EXERCISE MATERIAL below:
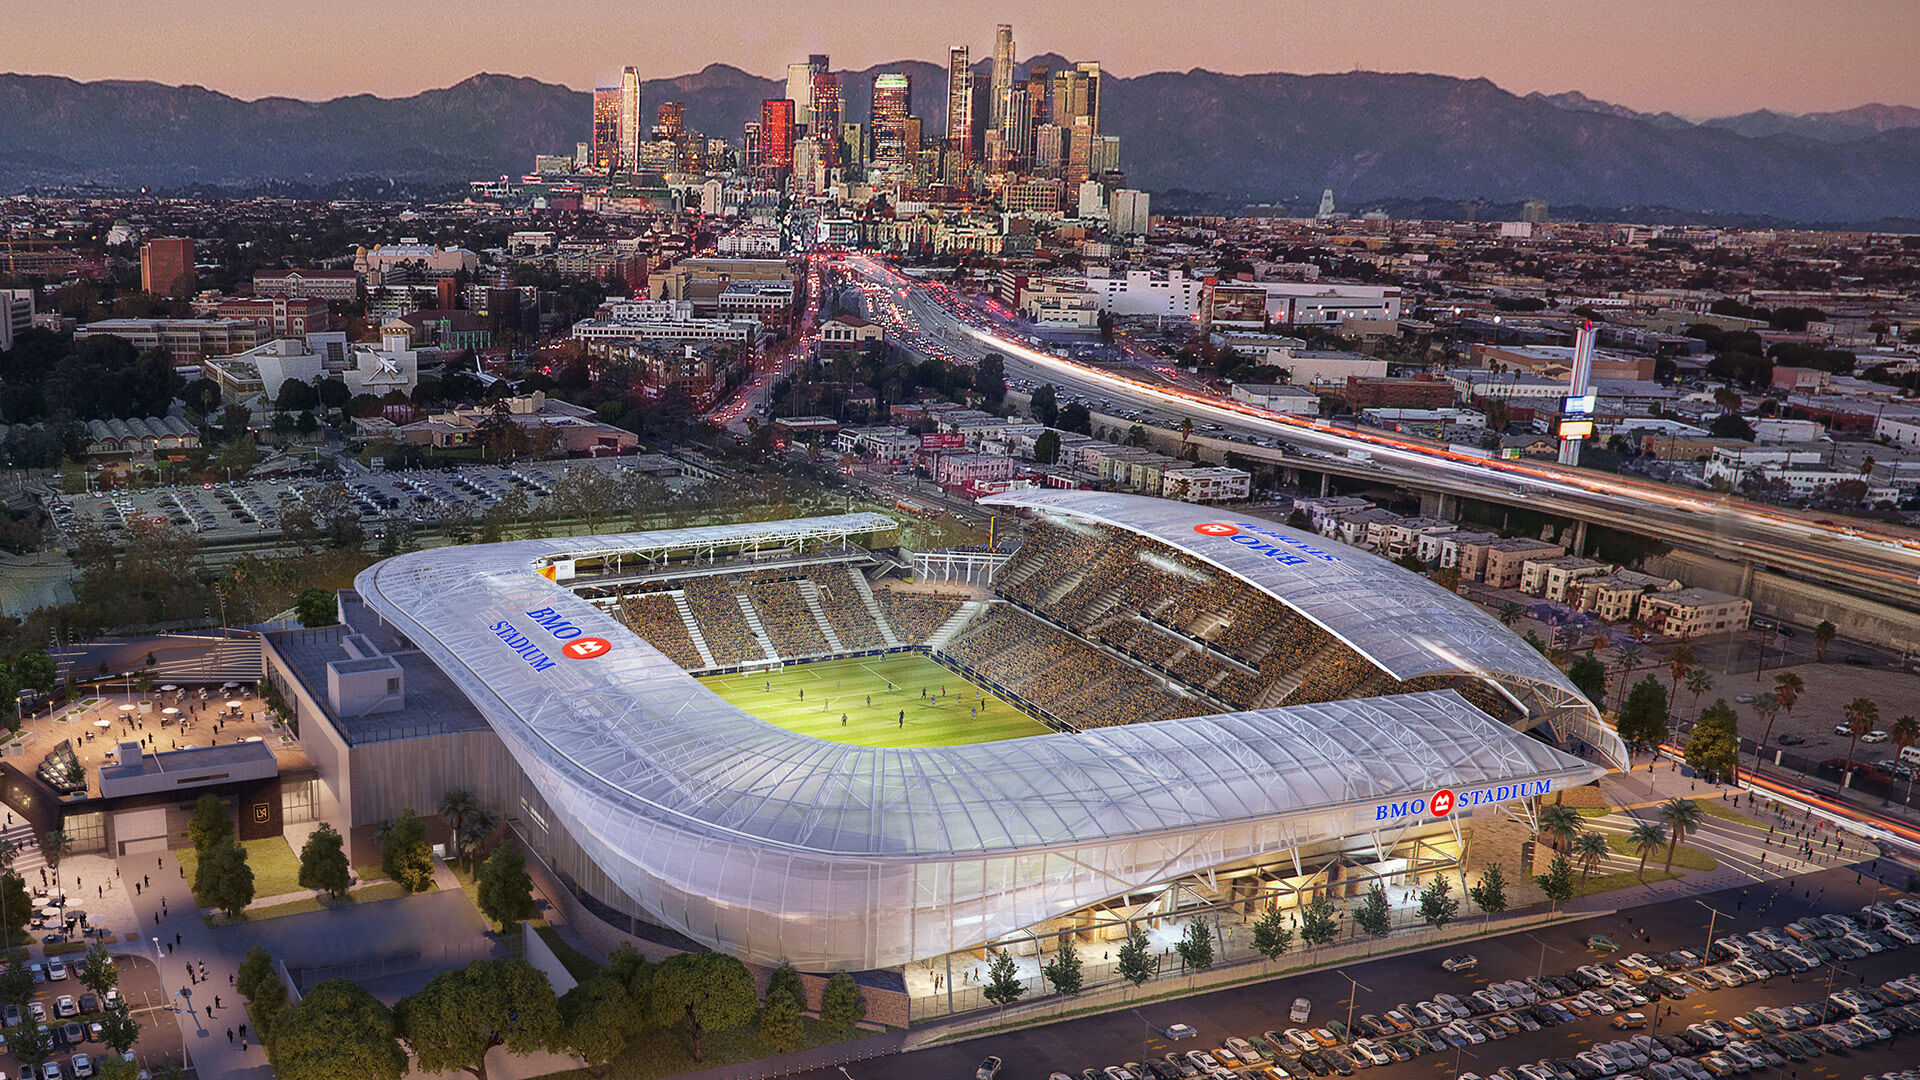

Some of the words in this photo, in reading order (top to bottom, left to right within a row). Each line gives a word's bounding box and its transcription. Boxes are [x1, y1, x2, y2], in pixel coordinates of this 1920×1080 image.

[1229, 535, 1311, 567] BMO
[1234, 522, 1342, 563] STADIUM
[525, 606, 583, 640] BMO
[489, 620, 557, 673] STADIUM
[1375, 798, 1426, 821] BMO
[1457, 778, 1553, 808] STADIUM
End of EXERCISE MATERIAL.
** PROBLEM REQUIREMENTS **
Above are the records; copy them exactly without the pictures.

** YOUR SOLUTION **
Some of the words in this photo, in reading order (top to bottom, left to right within a row). Each line gives a word's bounding box and its transcription. Boxes are [x1, y1, x2, y2], in pixel coordinates of this 1920×1080 image.

[1229, 535, 1311, 567] BMO
[1234, 522, 1342, 563] STADIUM
[525, 606, 583, 640] BMO
[489, 620, 557, 673] STADIUM
[1375, 798, 1426, 821] BMO
[1457, 778, 1553, 808] STADIUM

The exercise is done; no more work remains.